The records that follow must be repeated exactly, minus the images.

## DATA SUPPLIED
----------

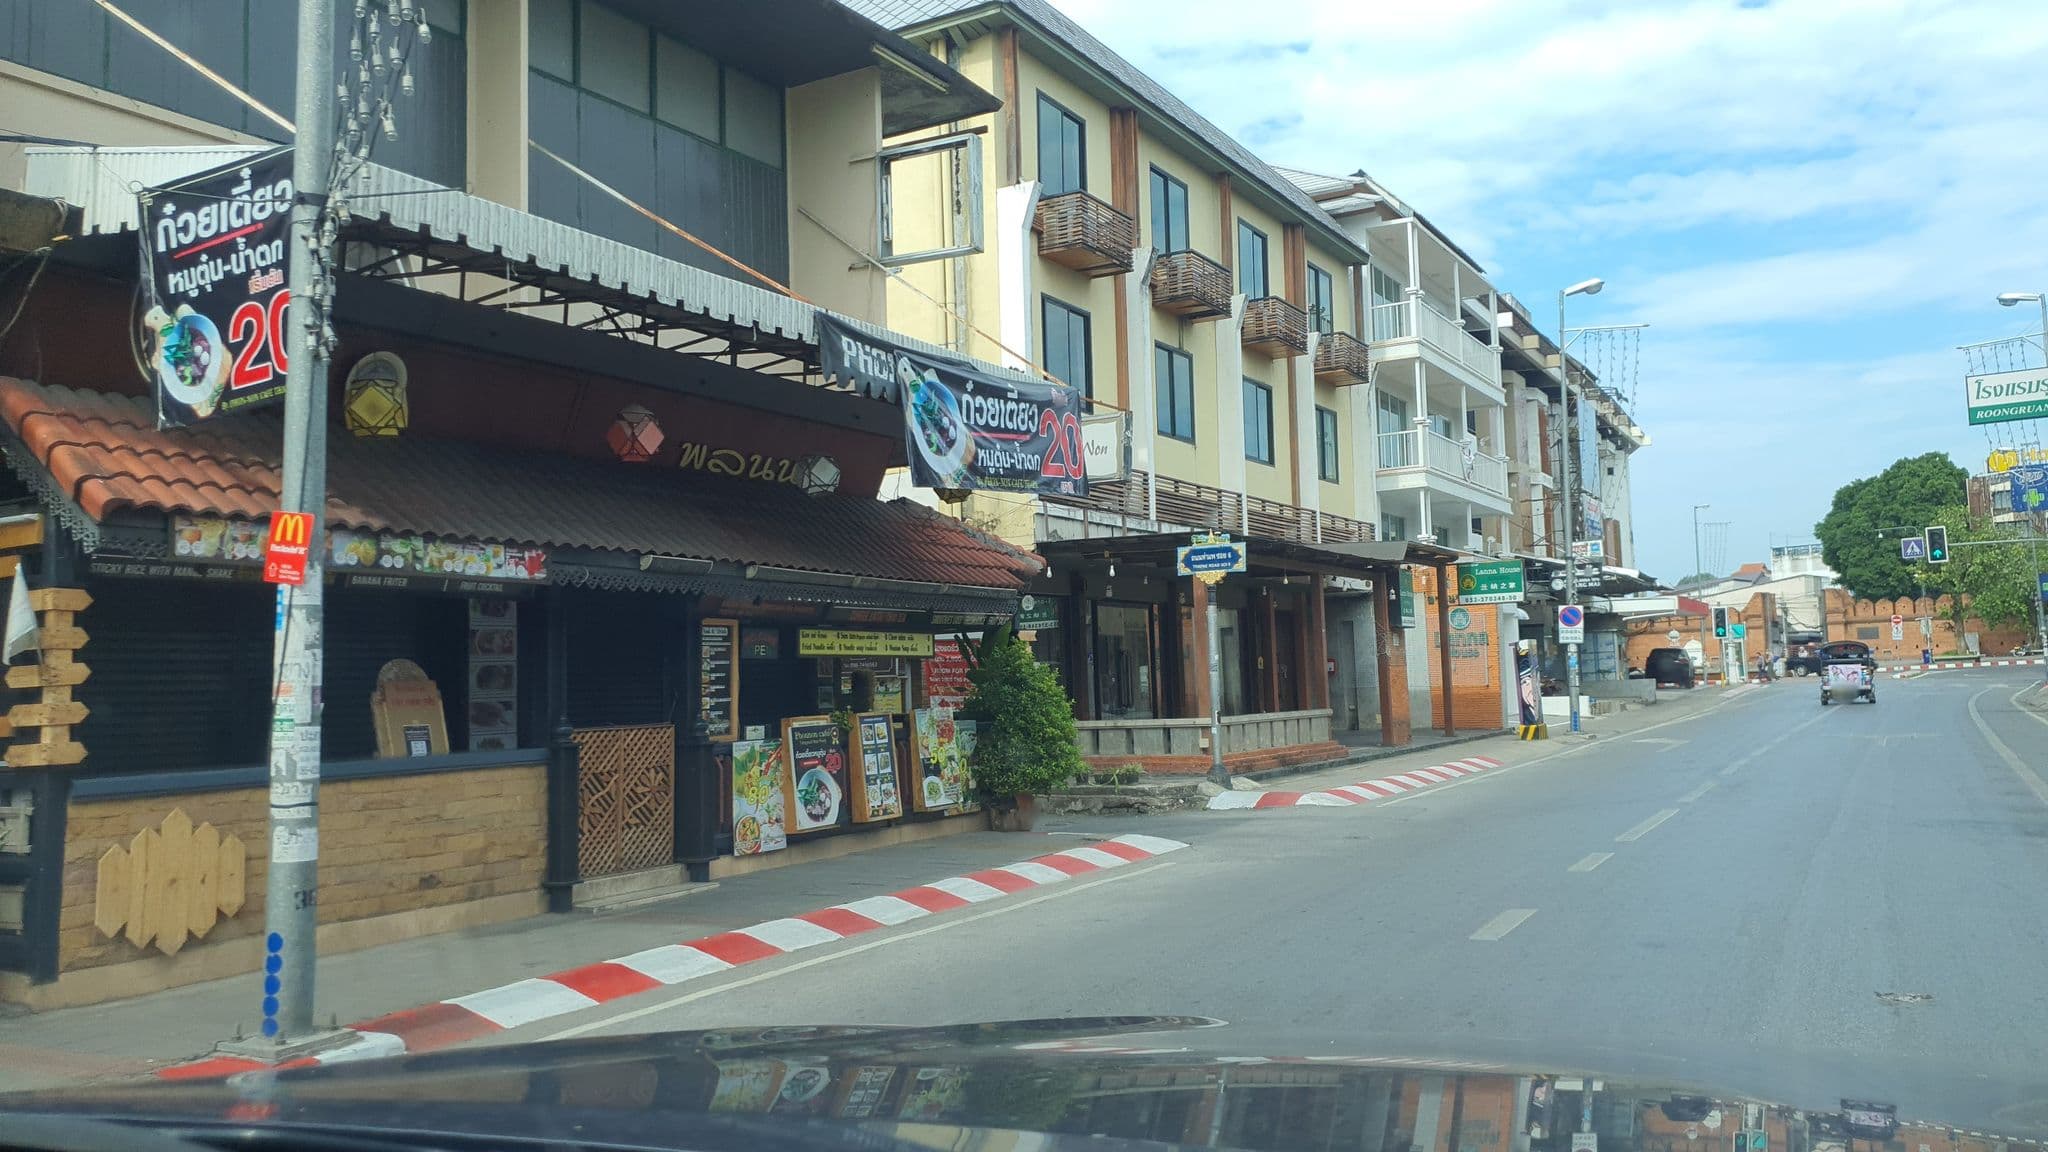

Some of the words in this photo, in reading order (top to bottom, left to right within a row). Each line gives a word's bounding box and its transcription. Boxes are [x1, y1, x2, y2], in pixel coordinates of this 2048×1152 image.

[1038, 407, 1084, 480] 20
[1499, 566, 1521, 574] House
[826, 752, 842, 772] 20
[748, 784, 770, 807] 80
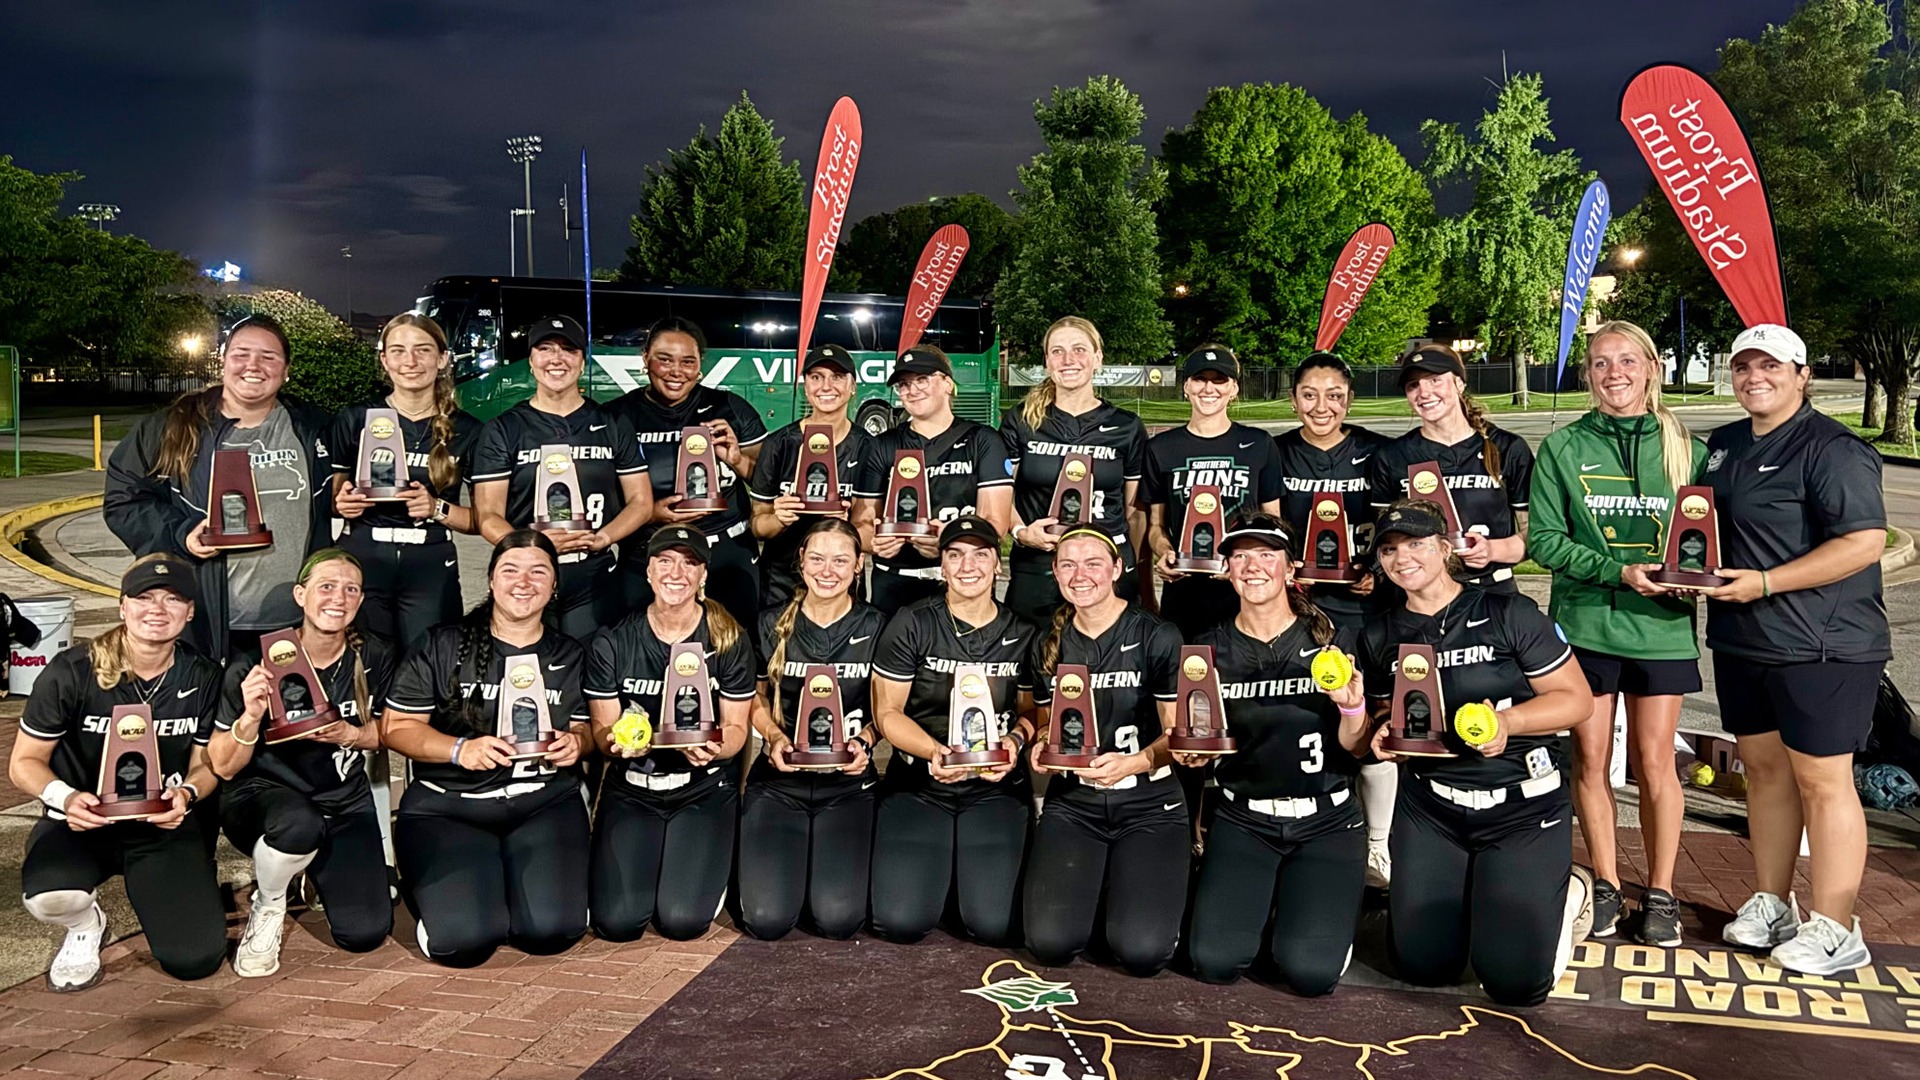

----------

## TASK ANSWER
Some of the words in this photo, in reading order (top to bottom, left to right within a row). Each line gives a word's bounding box and its transcription. Boxes are [x1, y1, x2, y2], in pixel coordinates of this 2048×1152 image.

[1038, 407, 1084, 480] 20
[1499, 566, 1521, 574] House
[826, 752, 842, 772] 20
[748, 784, 770, 807] 80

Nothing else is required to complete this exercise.